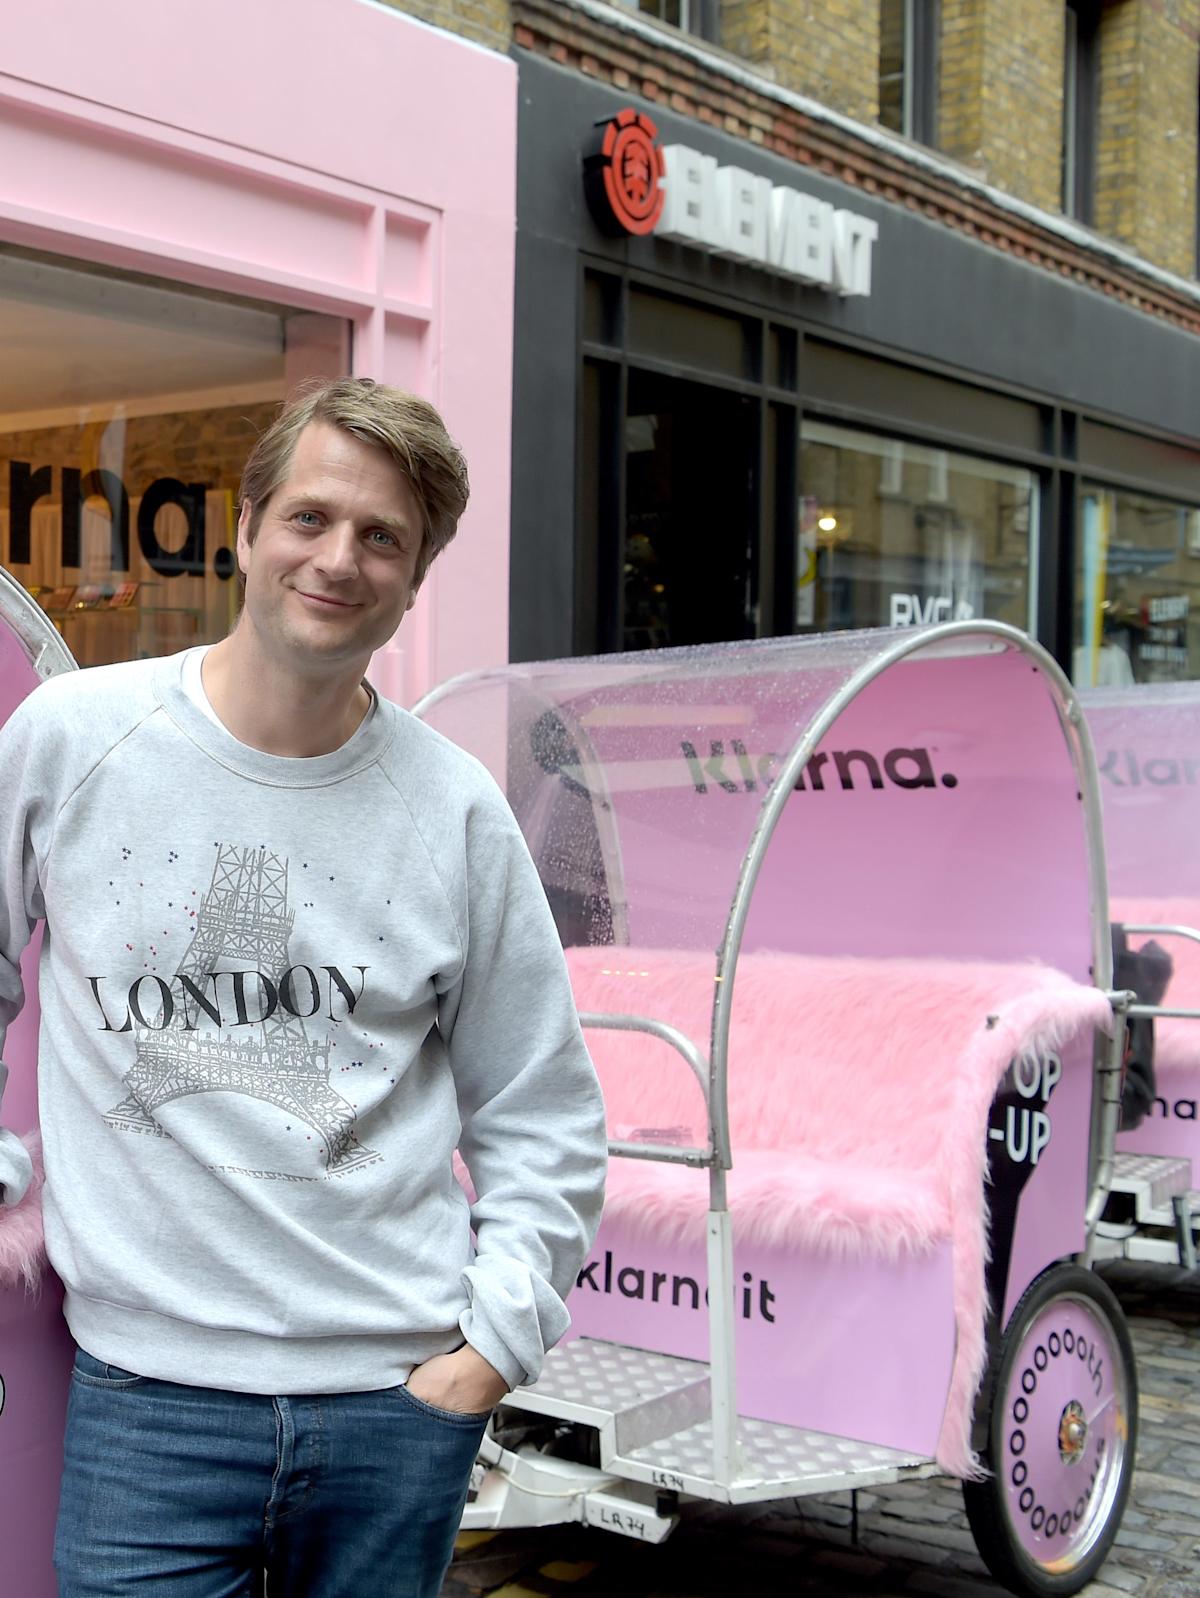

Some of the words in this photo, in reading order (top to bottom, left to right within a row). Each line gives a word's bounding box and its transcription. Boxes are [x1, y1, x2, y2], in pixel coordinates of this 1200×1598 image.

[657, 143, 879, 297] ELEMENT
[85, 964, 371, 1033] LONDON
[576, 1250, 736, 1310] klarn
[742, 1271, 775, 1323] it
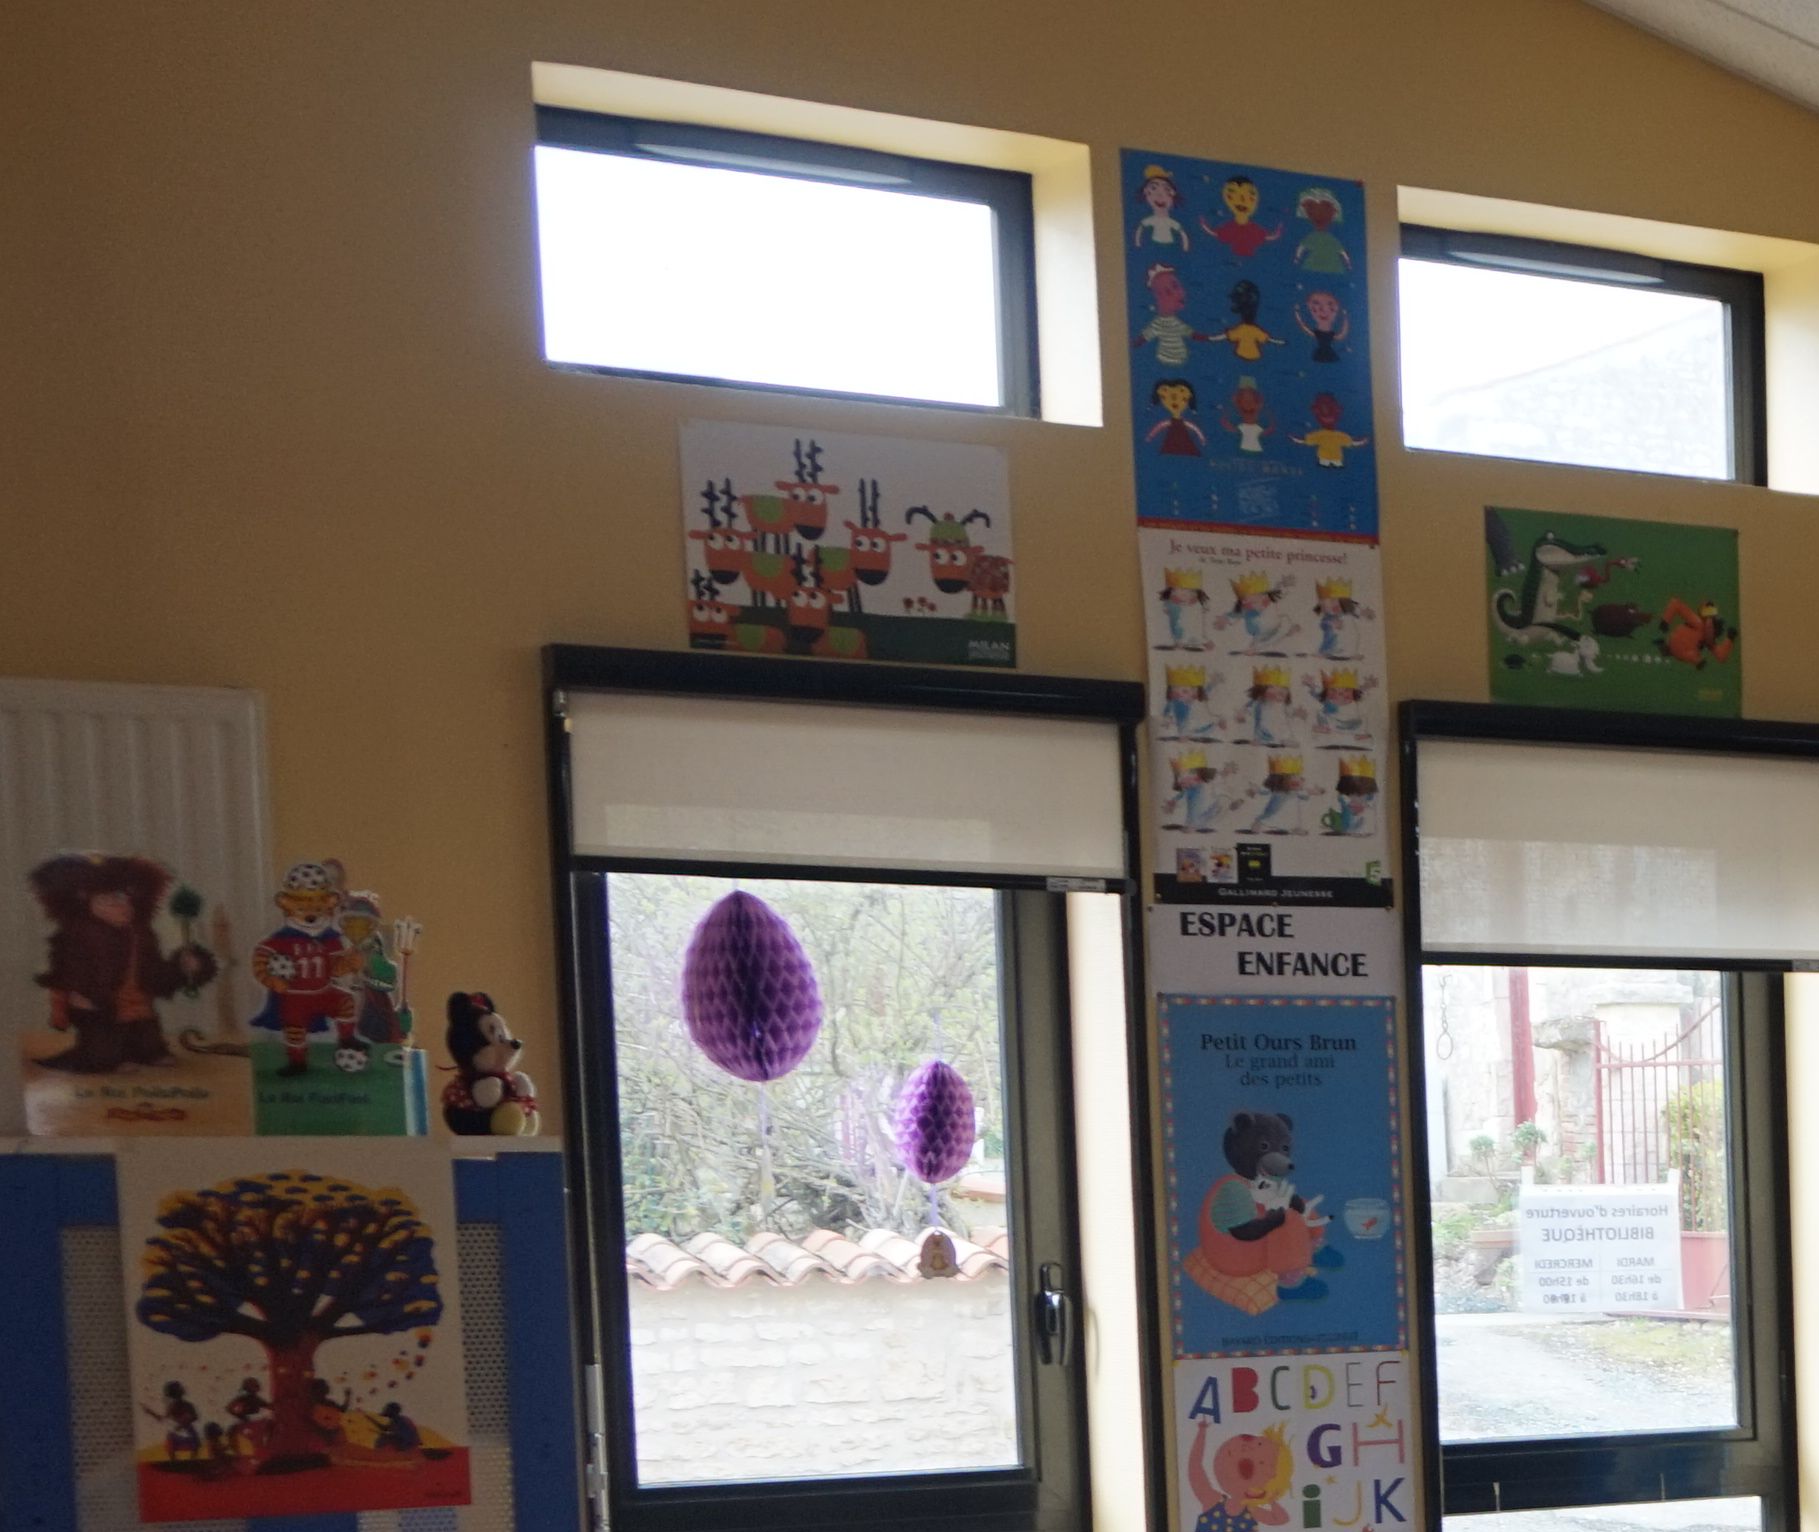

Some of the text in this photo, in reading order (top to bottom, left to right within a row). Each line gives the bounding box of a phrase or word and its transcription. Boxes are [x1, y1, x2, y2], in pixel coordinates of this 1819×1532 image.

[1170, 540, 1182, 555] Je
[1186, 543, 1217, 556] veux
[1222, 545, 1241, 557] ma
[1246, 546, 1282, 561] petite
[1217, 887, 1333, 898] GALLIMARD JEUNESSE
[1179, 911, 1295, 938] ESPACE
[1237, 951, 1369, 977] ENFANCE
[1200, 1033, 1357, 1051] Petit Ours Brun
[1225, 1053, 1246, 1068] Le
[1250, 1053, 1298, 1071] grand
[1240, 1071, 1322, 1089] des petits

ACTIVITY
Every entry above is to be set down exactly; the pictures are to be left out.

EXPECTED ANSWER
Some of the words in this photo, in reading order (top to bottom, left to right within a row). Each line gives a word's bounding box and its transcription. Boxes are [x1, y1, x2, y2], in pixel coordinates of this 1200×1598 image.

[657, 143, 879, 297] ELEMENT
[85, 964, 371, 1033] LONDON
[576, 1250, 736, 1310] klarn
[742, 1271, 775, 1323] it

Some of the text in this photo, in reading order (top to bottom, left to right within a row). Each line gives the bounding box of a phrase or word and its transcription. Boxes are [x1, y1, x2, y2], in pixel coordinates of this 1819×1532 image.

[1170, 540, 1182, 555] Je
[1186, 543, 1217, 556] veux
[1222, 545, 1241, 557] ma
[1246, 546, 1282, 561] petite
[1217, 887, 1333, 898] GALLIMARD JEUNESSE
[1179, 911, 1295, 938] ESPACE
[1237, 951, 1369, 977] ENFANCE
[1200, 1033, 1357, 1051] Petit Ours Brun
[1225, 1053, 1246, 1068] Le
[1250, 1053, 1298, 1071] grand
[1240, 1071, 1322, 1089] des petits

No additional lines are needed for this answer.